┌─ Working data

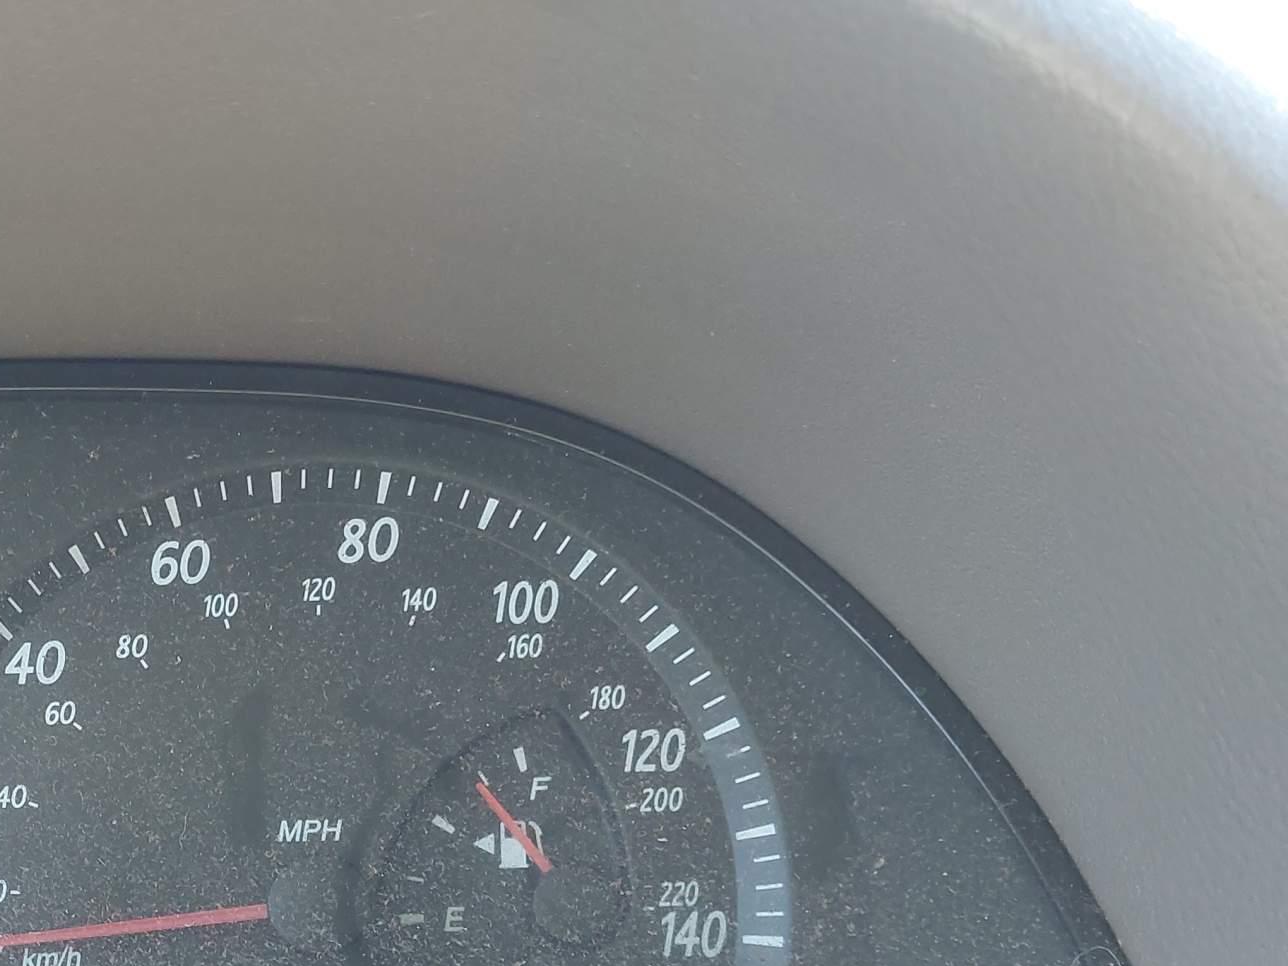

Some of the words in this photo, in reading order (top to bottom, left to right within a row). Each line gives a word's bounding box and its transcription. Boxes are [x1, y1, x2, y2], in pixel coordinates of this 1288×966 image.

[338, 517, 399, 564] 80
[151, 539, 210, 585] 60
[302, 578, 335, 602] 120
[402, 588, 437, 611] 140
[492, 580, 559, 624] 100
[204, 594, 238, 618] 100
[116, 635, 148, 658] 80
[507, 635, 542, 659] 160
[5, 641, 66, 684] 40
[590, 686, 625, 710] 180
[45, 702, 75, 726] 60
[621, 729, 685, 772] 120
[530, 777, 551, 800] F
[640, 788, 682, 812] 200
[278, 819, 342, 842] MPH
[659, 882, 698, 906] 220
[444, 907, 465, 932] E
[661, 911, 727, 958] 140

└─

#### [Directions]
Could you repeat all of the entries exactly, without the pictures?

#### [Solution to this problem]
Some of the words in this photo, in reading order (top to bottom, left to right within a row). Each line gives a word's bounding box and its transcription. Boxes are [x1, y1, x2, y2], in pixel coordinates of this 1288×966 image.

[338, 517, 399, 564] 80
[151, 539, 210, 585] 60
[302, 578, 335, 602] 120
[402, 588, 437, 611] 140
[492, 580, 559, 624] 100
[204, 594, 238, 618] 100
[116, 635, 148, 658] 80
[507, 635, 542, 659] 160
[5, 641, 66, 684] 40
[590, 686, 625, 710] 180
[45, 702, 75, 726] 60
[621, 729, 685, 772] 120
[530, 777, 551, 800] F
[640, 788, 682, 812] 200
[278, 819, 342, 842] MPH
[659, 882, 698, 906] 220
[444, 907, 465, 932] E
[661, 911, 727, 958] 140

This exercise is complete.